Italy: Once proud Alfa Romeo was terribly run down but FCA promises a renaissance. We are still waiting for that to happen.

USA: Cadillac and Lincoln have mainly sold in their home markets and more recently China. There isn't much appeal for them outside of the 'States and they have been somewhat neglected by their owners, GM and Ford respectively. An opportunity missed as premium sales grew, and the way back will be a hard one.
Tesla has taken the electric route into the premium segment and that point of difference has meant surprisingly quick acceptance in what otherwise is a traditional market. Will the bubble burst?

Japan: Honda was the first Japanese company to enter this segment with Acura, but shows little interest in taking the marque outside of northern America. I find that passivity baffling. Toyota is serious about Lexus being a global success and is making progress. Nissan has belatedly shown signs of taking Infiniti to the world but it is too early to tell how that will pan out.

Newbies: Korea wants in on the action (and profits) with Hyundai releasing a new marque, Genesis.
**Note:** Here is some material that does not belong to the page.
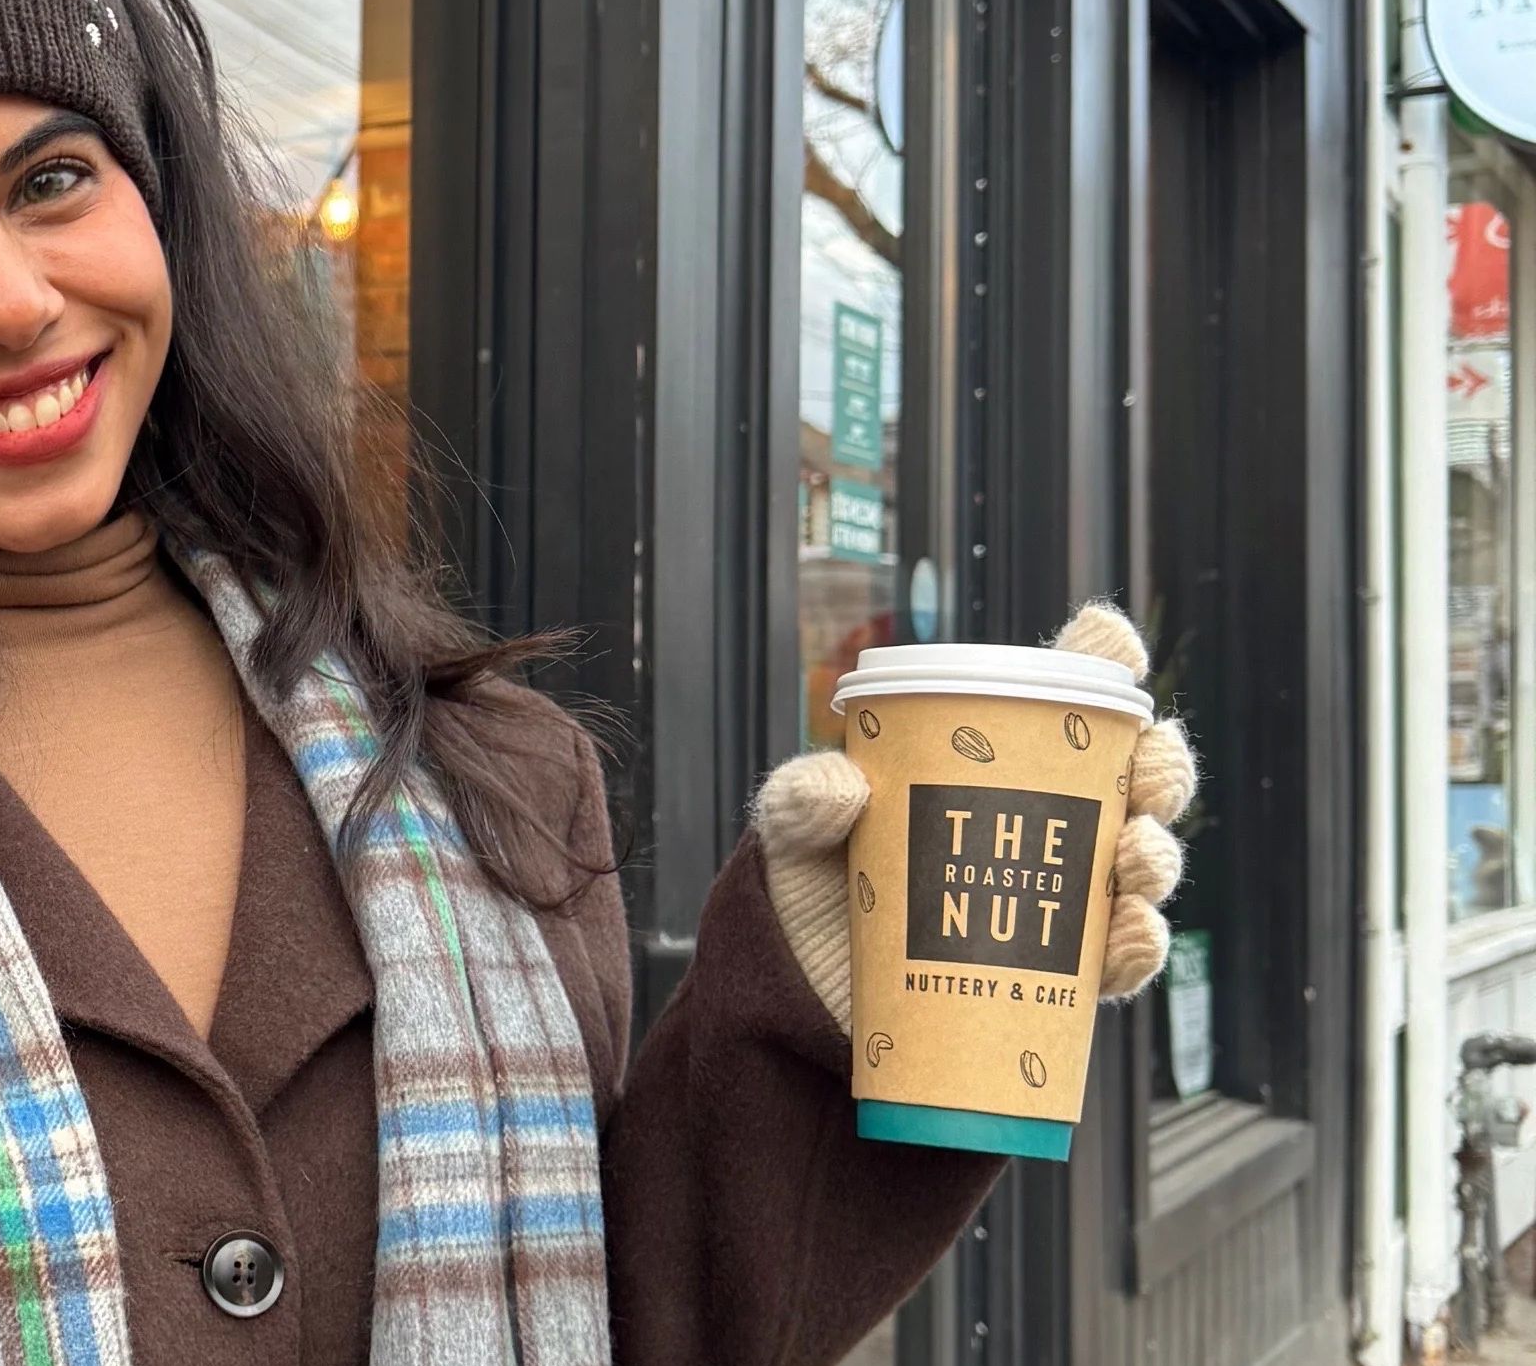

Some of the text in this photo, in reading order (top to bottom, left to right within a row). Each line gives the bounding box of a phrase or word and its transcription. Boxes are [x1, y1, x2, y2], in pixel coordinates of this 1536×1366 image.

I see it doing well in the USA but Europe will be a difficult proposition. PSA has spun off its Citroën brand the DS range to push into the premium arena. It's not there yet and again a tough road ahead to establish a prestige reputation. A recent Chinese effort with Qoros seems to be struggling for traction, while the Borgward marque is in the process of being resurrected.

Summary: Those car makers who succeed in this segment find it a very profitable. However, the competition is intense and reputation is so important. You are not just buying a nice car, you also get a brand name that says you are doing well. Jaguar has shown that when you have the history and get the product right, people will notice.